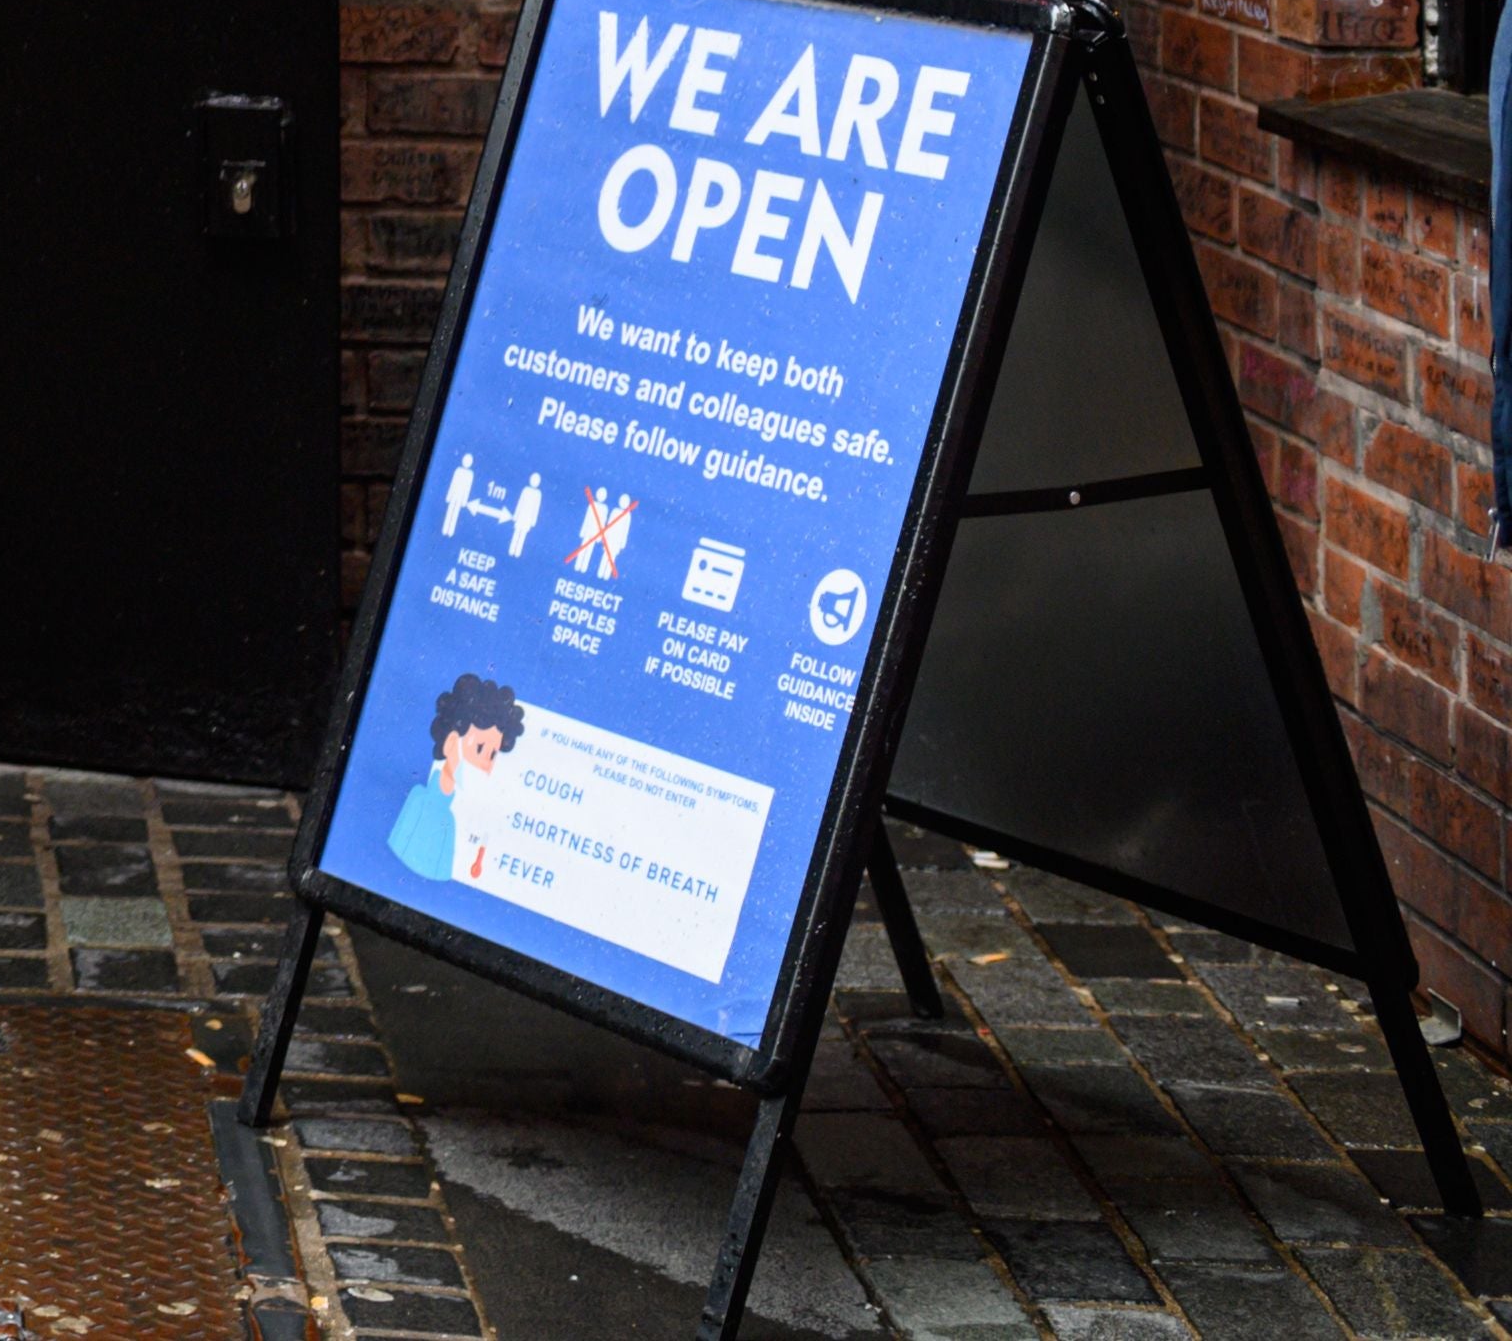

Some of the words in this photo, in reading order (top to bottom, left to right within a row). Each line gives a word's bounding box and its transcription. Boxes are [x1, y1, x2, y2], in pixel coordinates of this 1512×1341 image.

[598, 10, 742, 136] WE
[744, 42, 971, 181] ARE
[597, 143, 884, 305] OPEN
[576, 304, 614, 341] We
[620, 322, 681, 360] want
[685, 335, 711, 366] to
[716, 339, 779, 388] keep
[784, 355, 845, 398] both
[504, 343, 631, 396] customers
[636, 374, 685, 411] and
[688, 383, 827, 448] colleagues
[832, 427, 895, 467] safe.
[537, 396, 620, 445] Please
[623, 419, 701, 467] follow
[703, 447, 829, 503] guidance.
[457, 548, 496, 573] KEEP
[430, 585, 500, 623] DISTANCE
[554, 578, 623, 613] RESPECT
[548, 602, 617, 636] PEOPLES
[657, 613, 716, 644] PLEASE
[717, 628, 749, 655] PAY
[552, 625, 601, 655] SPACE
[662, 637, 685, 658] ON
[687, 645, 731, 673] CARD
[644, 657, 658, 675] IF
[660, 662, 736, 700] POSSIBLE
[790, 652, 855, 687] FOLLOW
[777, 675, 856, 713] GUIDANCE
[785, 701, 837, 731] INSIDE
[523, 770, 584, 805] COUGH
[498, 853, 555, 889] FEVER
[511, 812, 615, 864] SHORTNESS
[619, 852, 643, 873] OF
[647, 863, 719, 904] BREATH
◆ ◆ ◆
** Assignment **
Repeat every record above exactly, except the pictures.

** Result of the exercise **
Some of the words in this photo, in reading order (top to bottom, left to right within a row). Each line gives a word's bounding box and its transcription. Boxes are [x1, y1, x2, y2], in pixel coordinates of this 1512×1341 image.

[598, 10, 742, 136] WE
[744, 42, 971, 181] ARE
[597, 143, 884, 305] OPEN
[576, 304, 614, 341] We
[620, 322, 681, 360] want
[685, 335, 711, 366] to
[716, 339, 779, 388] keep
[784, 355, 845, 398] both
[504, 343, 631, 396] customers
[636, 374, 685, 411] and
[688, 383, 827, 448] colleagues
[832, 427, 895, 467] safe.
[537, 396, 620, 445] Please
[623, 419, 701, 467] follow
[703, 447, 829, 503] guidance.
[457, 548, 496, 573] KEEP
[430, 585, 500, 623] DISTANCE
[554, 578, 623, 613] RESPECT
[548, 602, 617, 636] PEOPLES
[657, 613, 716, 644] PLEASE
[717, 628, 749, 655] PAY
[552, 625, 601, 655] SPACE
[662, 637, 685, 658] ON
[687, 645, 731, 673] CARD
[644, 657, 658, 675] IF
[660, 662, 736, 700] POSSIBLE
[790, 652, 855, 687] FOLLOW
[777, 675, 856, 713] GUIDANCE
[785, 701, 837, 731] INSIDE
[523, 770, 584, 805] COUGH
[498, 853, 555, 889] FEVER
[511, 812, 615, 864] SHORTNESS
[619, 852, 643, 873] OF
[647, 863, 719, 904] BREATH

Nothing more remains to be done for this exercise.